TASK TO COMPLETE
Everything in the entries except the pictures should be repeated exactly.

TASK INPUTS
= = = = = = =

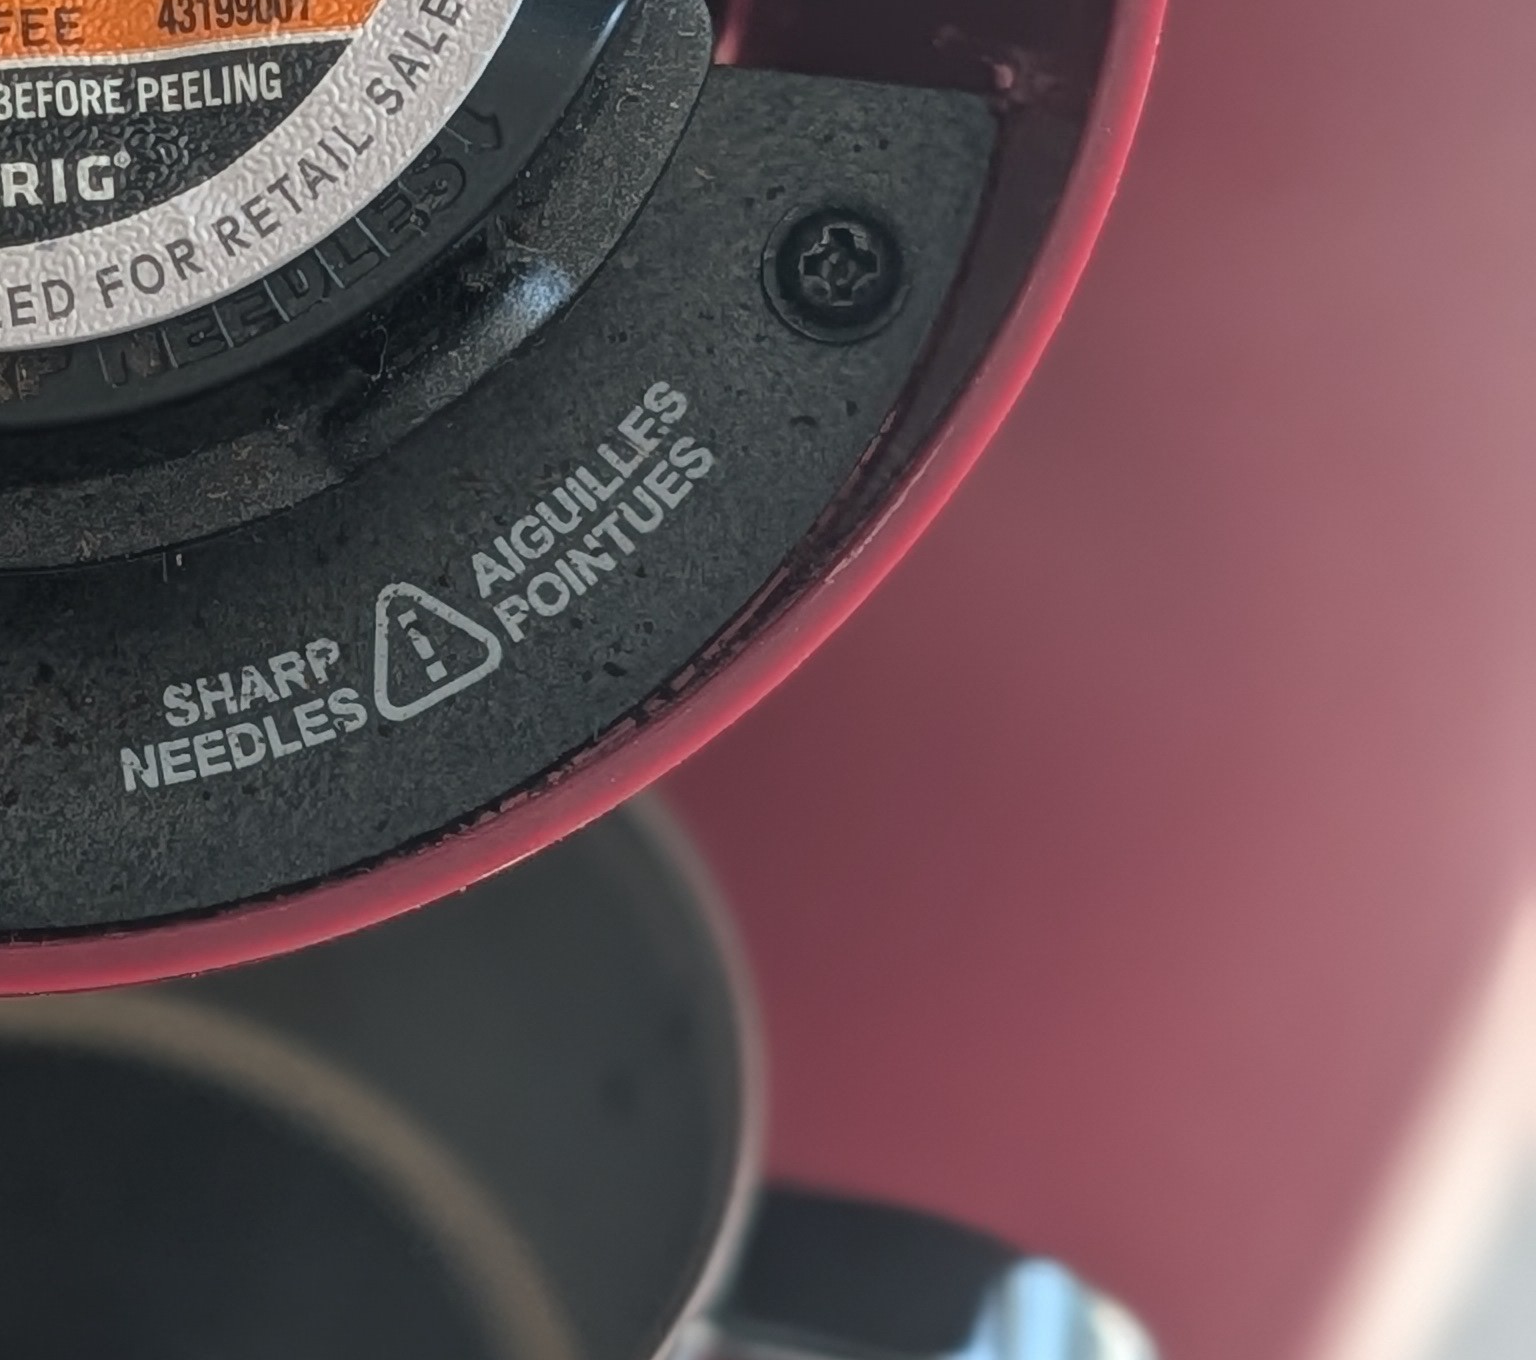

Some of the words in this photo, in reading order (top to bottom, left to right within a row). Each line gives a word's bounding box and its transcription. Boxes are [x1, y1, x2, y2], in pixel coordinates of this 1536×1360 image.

[137, 61, 284, 114] PEELING
[96, 239, 203, 309] FOR
[211, 124, 375, 257] RETAIL
[470, 380, 689, 598] AIGUILLES
[492, 435, 714, 642] POINTUES
[119, 687, 368, 792] NEEDLES
[163, 637, 341, 727] SHARP

= = = = = = =

OUTPUT OF THE EXERCISE
Some of the words in this photo, in reading order (top to bottom, left to right within a row). Each line gives a word's bounding box and its transcription. Boxes are [x1, y1, x2, y2], in pixel coordinates of this 1536×1360 image.

[137, 61, 284, 114] PEELING
[96, 239, 203, 309] FOR
[211, 124, 375, 257] RETAIL
[470, 380, 689, 598] AIGUILLES
[492, 435, 714, 642] POINTUES
[119, 687, 368, 792] NEEDLES
[163, 637, 341, 727] SHARP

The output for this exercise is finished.